## Record excerpts
· · · · ·
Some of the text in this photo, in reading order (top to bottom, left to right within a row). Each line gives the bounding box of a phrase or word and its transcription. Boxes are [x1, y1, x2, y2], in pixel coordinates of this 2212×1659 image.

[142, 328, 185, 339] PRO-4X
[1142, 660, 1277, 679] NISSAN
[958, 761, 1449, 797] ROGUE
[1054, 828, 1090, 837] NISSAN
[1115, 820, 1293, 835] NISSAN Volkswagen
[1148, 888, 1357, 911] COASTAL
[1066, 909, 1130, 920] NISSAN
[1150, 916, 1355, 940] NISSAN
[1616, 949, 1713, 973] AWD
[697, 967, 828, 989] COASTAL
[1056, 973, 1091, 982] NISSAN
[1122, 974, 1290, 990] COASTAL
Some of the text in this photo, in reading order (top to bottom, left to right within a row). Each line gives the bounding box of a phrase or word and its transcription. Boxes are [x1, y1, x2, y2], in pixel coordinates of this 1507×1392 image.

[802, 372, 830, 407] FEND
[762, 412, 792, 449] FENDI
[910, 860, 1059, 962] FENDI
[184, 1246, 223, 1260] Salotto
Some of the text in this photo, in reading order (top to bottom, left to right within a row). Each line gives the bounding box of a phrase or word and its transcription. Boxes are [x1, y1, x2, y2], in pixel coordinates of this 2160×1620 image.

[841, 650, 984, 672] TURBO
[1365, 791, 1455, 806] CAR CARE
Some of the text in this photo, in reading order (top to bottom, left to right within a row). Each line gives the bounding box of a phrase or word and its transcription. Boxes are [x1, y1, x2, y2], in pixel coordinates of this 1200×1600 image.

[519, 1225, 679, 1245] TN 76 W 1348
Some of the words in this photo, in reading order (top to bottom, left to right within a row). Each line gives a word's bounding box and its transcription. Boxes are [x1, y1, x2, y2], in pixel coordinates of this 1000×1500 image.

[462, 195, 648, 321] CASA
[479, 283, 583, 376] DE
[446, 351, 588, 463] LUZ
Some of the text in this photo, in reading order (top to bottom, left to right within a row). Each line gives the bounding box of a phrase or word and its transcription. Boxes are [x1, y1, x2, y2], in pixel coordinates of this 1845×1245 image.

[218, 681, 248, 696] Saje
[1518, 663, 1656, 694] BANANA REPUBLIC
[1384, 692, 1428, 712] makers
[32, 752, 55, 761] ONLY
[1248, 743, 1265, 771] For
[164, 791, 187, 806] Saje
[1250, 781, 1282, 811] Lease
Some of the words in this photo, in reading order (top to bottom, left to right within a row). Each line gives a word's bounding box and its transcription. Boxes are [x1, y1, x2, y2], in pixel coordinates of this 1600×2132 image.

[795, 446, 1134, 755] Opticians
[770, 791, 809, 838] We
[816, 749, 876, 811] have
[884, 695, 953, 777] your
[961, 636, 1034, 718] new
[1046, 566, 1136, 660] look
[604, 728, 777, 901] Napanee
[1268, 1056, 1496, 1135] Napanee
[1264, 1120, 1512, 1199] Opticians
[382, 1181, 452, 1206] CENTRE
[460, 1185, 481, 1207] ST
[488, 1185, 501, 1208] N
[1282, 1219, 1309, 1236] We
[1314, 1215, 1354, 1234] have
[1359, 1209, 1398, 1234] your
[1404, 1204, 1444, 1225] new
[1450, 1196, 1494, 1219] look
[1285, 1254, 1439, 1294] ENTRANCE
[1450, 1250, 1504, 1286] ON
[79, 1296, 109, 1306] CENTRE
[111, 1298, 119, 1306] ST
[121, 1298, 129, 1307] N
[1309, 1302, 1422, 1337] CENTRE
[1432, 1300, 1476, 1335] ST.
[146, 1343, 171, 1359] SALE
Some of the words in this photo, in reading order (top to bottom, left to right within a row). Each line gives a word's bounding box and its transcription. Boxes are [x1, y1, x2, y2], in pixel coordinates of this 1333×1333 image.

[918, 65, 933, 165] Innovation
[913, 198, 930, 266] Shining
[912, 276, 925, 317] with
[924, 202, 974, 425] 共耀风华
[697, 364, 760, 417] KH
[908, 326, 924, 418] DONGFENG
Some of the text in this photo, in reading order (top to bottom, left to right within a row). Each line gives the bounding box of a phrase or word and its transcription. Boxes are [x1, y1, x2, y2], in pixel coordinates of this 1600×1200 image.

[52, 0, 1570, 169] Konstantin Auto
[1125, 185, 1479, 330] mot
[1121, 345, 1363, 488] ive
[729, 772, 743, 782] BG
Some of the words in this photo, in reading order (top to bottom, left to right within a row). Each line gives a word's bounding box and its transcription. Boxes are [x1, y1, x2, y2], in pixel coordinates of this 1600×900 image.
· · · · ·
## What needs to be done
Reproduce the entire listing. Keep every word as it is.

## Result
Some of the text in this photo, in reading order (top to bottom, left to right within a row). Each line gives the bounding box of a phrase or word and its transcription. Boxes are [x1, y1, x2, y2], in pixel coordinates of this 2212×1659 image.

[142, 328, 185, 339] PRO-4X
[1142, 660, 1277, 679] NISSAN
[958, 761, 1449, 797] ROGUE
[1054, 828, 1090, 837] NISSAN
[1115, 820, 1293, 835] NISSAN Volkswagen
[1148, 888, 1357, 911] COASTAL
[1066, 909, 1130, 920] NISSAN
[1150, 916, 1355, 940] NISSAN
[1616, 949, 1713, 973] AWD
[697, 967, 828, 989] COASTAL
[1056, 973, 1091, 982] NISSAN
[1122, 974, 1290, 990] COASTAL
Some of the text in this photo, in reading order (top to bottom, left to right within a row). Each line gives the bounding box of a phrase or word and its transcription. Boxes are [x1, y1, x2, y2], in pixel coordinates of this 1507×1392 image.

[802, 372, 830, 407] FEND
[762, 412, 792, 449] FENDI
[910, 860, 1059, 962] FENDI
[184, 1246, 223, 1260] Salotto
Some of the text in this photo, in reading order (top to bottom, left to right within a row). Each line gives the bounding box of a phrase or word and its transcription. Boxes are [x1, y1, x2, y2], in pixel coordinates of this 2160×1620 image.

[841, 650, 984, 672] TURBO
[1365, 791, 1455, 806] CAR CARE
Some of the text in this photo, in reading order (top to bottom, left to right within a row). Each line gives the bounding box of a phrase or word and its transcription. Boxes are [x1, y1, x2, y2], in pixel coordinates of this 1200×1600 image.

[519, 1225, 679, 1245] TN 76 W 1348
Some of the words in this photo, in reading order (top to bottom, left to right within a row). Each line gives a word's bounding box and its transcription. Boxes are [x1, y1, x2, y2], in pixel coordinates of this 1000×1500 image.

[462, 195, 648, 321] CASA
[479, 283, 583, 376] DE
[446, 351, 588, 463] LUZ
Some of the text in this photo, in reading order (top to bottom, left to right within a row). Each line gives the bounding box of a phrase or word and its transcription. Boxes are [x1, y1, x2, y2], in pixel coordinates of this 1845×1245 image.

[218, 681, 248, 696] Saje
[1518, 663, 1656, 694] BANANA REPUBLIC
[1384, 692, 1428, 712] makers
[32, 752, 55, 761] ONLY
[1248, 743, 1265, 771] For
[164, 791, 187, 806] Saje
[1250, 781, 1282, 811] Lease
Some of the words in this photo, in reading order (top to bottom, left to right within a row). Each line gives a word's bounding box and its transcription. Boxes are [x1, y1, x2, y2], in pixel coordinates of this 1600×2132 image.

[795, 446, 1134, 755] Opticians
[770, 791, 809, 838] We
[816, 749, 876, 811] have
[884, 695, 953, 777] your
[961, 636, 1034, 718] new
[1046, 566, 1136, 660] look
[604, 728, 777, 901] Napanee
[1268, 1056, 1496, 1135] Napanee
[1264, 1120, 1512, 1199] Opticians
[382, 1181, 452, 1206] CENTRE
[460, 1185, 481, 1207] ST
[488, 1185, 501, 1208] N
[1282, 1219, 1309, 1236] We
[1314, 1215, 1354, 1234] have
[1359, 1209, 1398, 1234] your
[1404, 1204, 1444, 1225] new
[1450, 1196, 1494, 1219] look
[1285, 1254, 1439, 1294] ENTRANCE
[1450, 1250, 1504, 1286] ON
[79, 1296, 109, 1306] CENTRE
[111, 1298, 119, 1306] ST
[121, 1298, 129, 1307] N
[1309, 1302, 1422, 1337] CENTRE
[1432, 1300, 1476, 1335] ST.
[146, 1343, 171, 1359] SALE
Some of the words in this photo, in reading order (top to bottom, left to right within a row). Each line gives a word's bounding box and its transcription. Boxes are [x1, y1, x2, y2], in pixel coordinates of this 1333×1333 image.

[918, 65, 933, 165] Innovation
[913, 198, 930, 266] Shining
[912, 276, 925, 317] with
[924, 202, 974, 425] 共耀风华
[697, 364, 760, 417] KH
[908, 326, 924, 418] DONGFENG
Some of the text in this photo, in reading order (top to bottom, left to right within a row). Each line gives the bounding box of a phrase or word and its transcription. Boxes are [x1, y1, x2, y2], in pixel coordinates of this 1600×1200 image.

[52, 0, 1570, 169] Konstantin Auto
[1125, 185, 1479, 330] mot
[1121, 345, 1363, 488] ive
[729, 772, 743, 782] BG
Some of the words in this photo, in reading order (top to bottom, left to right within a row). Each line gives a word's bounding box and its transcription. Boxes are [x1, y1, x2, y2], in pixel coordinates of this 1600×900 image.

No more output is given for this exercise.